Quais são as restrições que existem?

    Depende do grupo de pessoas. Temos 3 tipos de situações, com níveis distintos de restrições:
  • Cidadãos que estão doentes ou em situação de vigilância ativa;
  • Cidadãos abrangidos pelo dever especial de proteção;
  • Cidadãos abrangidos pelo dever geral de recolhimento domiciliário.
    Só podem circular em espaços e vias públicas, ou em espaços e vias privadas equiparadas a vias públicas, para algum dos seguintes propósitos:
  • Aquisição de bens e serviços;
  • Deslocação para efeitos de desempenho de atividades profissionais ou equiparadas;
  • A atividade dos atletas de alto rendimento e seus treinadores, bem como acompanhantes desportivos do desporto adaptado, é equiparada a atividade profissional
  • Procura de trabalho ou resposta a uma oferta de trabalho;
  • Deslocações por motivos de saúde, designadamente para efeitos de obtenção de cuidados de saúde e transporte de pessoas a quem devam ser administrados tais cuidados ou dádiva de sangue;
  • Deslocações para acolhimento de emergência de vítimas de violência doméstica ou tráfico de seres humanos, bem como de crianças e jovens em risco, por aplicação de medida decretada por autoridade judicial ou Comissão de Proteção de Crianças e Jovens, em casa de acolhimento residencial ou familiar;
  • Deslocações para assistência de pessoas vulneráveis, pessoas com deficiência, filhos, progenitores, idosos ou dependentes;
  • Deslocações para acompanhamento de menores: Em deslocações de curta duração, para efeitos de fruição de momentos ao ar livre;
    Para frequência dos estabelecimentos escolares, ao abrigo do n.º 1 do artigo 10.º do Decreto-Lei n.º 10-A/2020, de 13 de março.

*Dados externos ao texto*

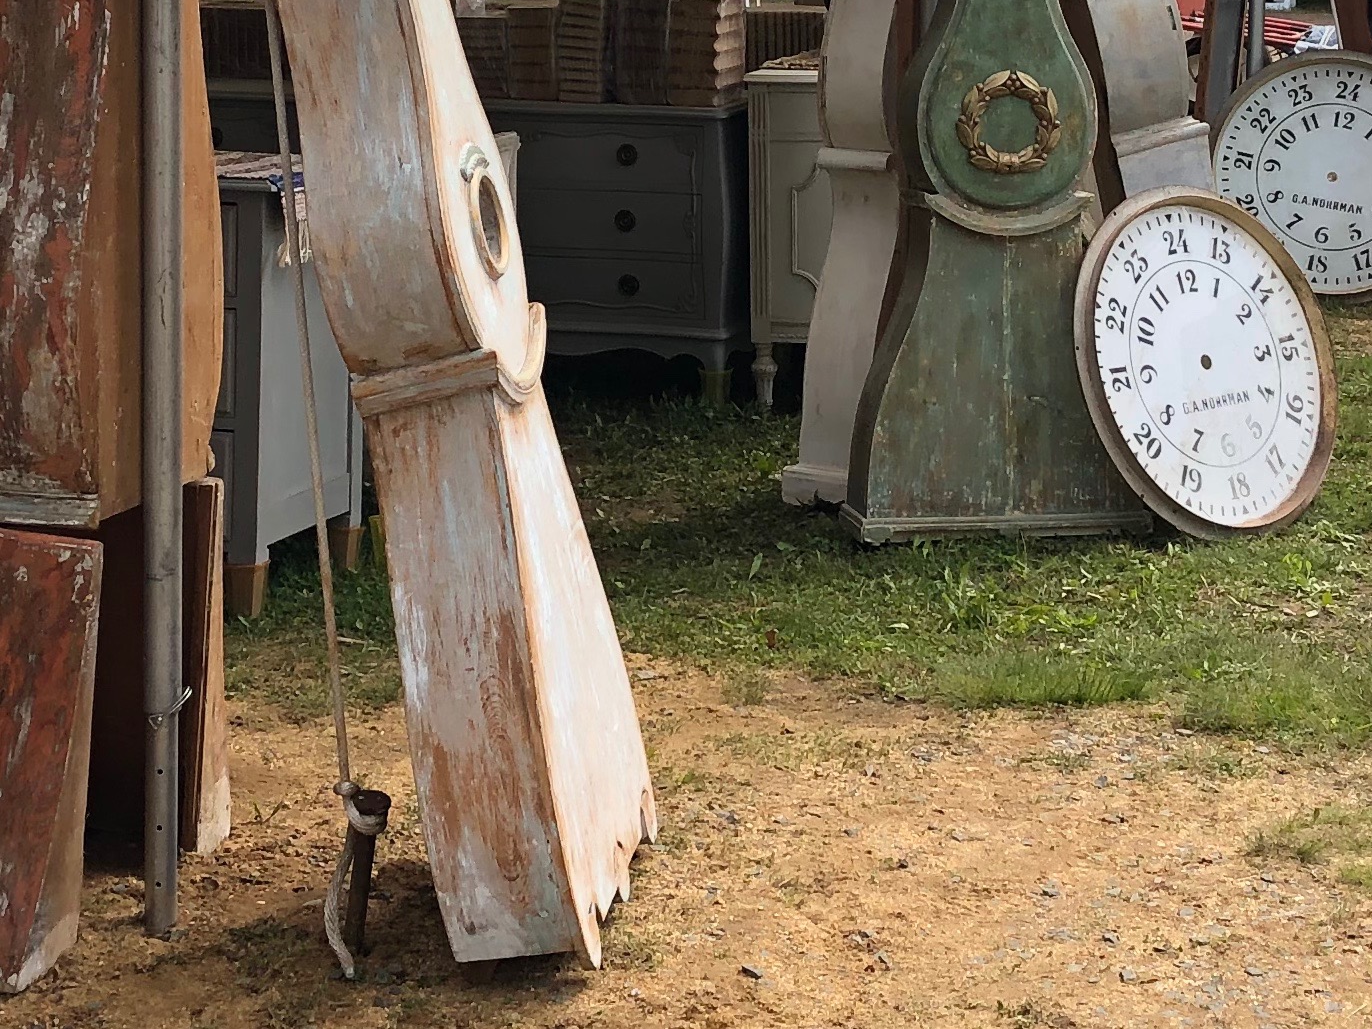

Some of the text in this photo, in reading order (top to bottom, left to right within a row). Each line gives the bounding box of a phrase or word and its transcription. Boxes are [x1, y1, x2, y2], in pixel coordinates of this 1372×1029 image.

[1287, 83, 1314, 107] 23
[1335, 80, 1362, 102] 24
[1250, 107, 1277, 134] 22
[1301, 112, 1320, 132] 11
[1333, 111, 1356, 130] 12
[1274, 128, 1297, 151] 10
[1234, 151, 1254, 170] 21
[1263, 158, 1281, 172] 9
[1266, 190, 1284, 204] 8
[1285, 213, 1304, 230] 7
[1348, 222, 1362, 242] 5
[1163, 228, 1191, 256] 24
[1314, 226, 1329, 244] 6
[1211, 236, 1232, 265] 13
[1351, 248, 1372, 272] 17
[1124, 249, 1149, 284] 23
[1307, 254, 1328, 273] 18
[1176, 269, 1199, 295] 12
[1213, 277, 1221, 299] 1
[1250, 273, 1274, 305] 14
[1149, 284, 1170, 313] 11
[1106, 297, 1128, 334] 22
[1236, 303, 1253, 325] 2
[1137, 316, 1156, 347] 10
[1253, 345, 1272, 362] 3
[1278, 333, 1299, 362] 15
[1112, 365, 1132, 393] 21
[1140, 364, 1158, 385] 9
[1257, 384, 1275, 404] 4
[1159, 404, 1175, 426] 8
[1285, 394, 1304, 428] 16
[1248, 414, 1263, 439] 5
[1133, 422, 1162, 460] 20
[1191, 428, 1205, 454] 7
[1220, 432, 1237, 458] 6
[1265, 443, 1287, 476] 17
[1180, 464, 1203, 493] 19
[1228, 472, 1251, 500] 18

  • Deslocações de curta duração para efeitos de atividade física, sendo proibido o exercício de atividade física coletiva;
  • Deslocações para participação em ações de voluntariado social;
  • Deslocações por outras razões familiares imperativas, designadamente o cumprimento de partilha de responsabilidades parentais, conforme determinada por acordo entre os titulares das mesmas ou pelo tribunal competente;
  • Deslocações para visitas, quando autorizadas, ou entrega de bens essenciais a pessoas incapacitadas ou privadas de liberdade de circulação;
  • Participação em atos processuais junto das entidades judiciárias;
  • Deslocação a estações e postos de correio, agências bancárias e agências de corretores de seguros ou seguradoras;
  • Deslocações de curta duração para efeitos de passeio dos animais de companhia e para alimentação de animais;
  • Deslocações de médicos-veterinários, de detentores de animais para assistência médico-veterinária, de cuidadores de colónias reconhecidas pelos municípios, de voluntários de associações zoófilas com animais a cargo que necessitem de se deslocar aos abrigos de animais e de equipas de resgate de animais;
  • Deslocações por parte de pessoas portadoras de livre-trânsito, emitido nos termos legais, no exercício das respetivas funções ou por causa delas;
  • Deslocações por parte de pessoal das missões diplomáticas, consulares e das organizações internacionais localizadas em Portugal, desde que relacionadas com o desempenho de funções oficiais; Deslocações necessárias ao exercício da liberdade de imprensa;
  • Retorno ao domicílio pessoal;
  • Outras atividades de natureza análoga ou por outros motivos de força maior ou necessidade impreterível, desde que devidamente justificados.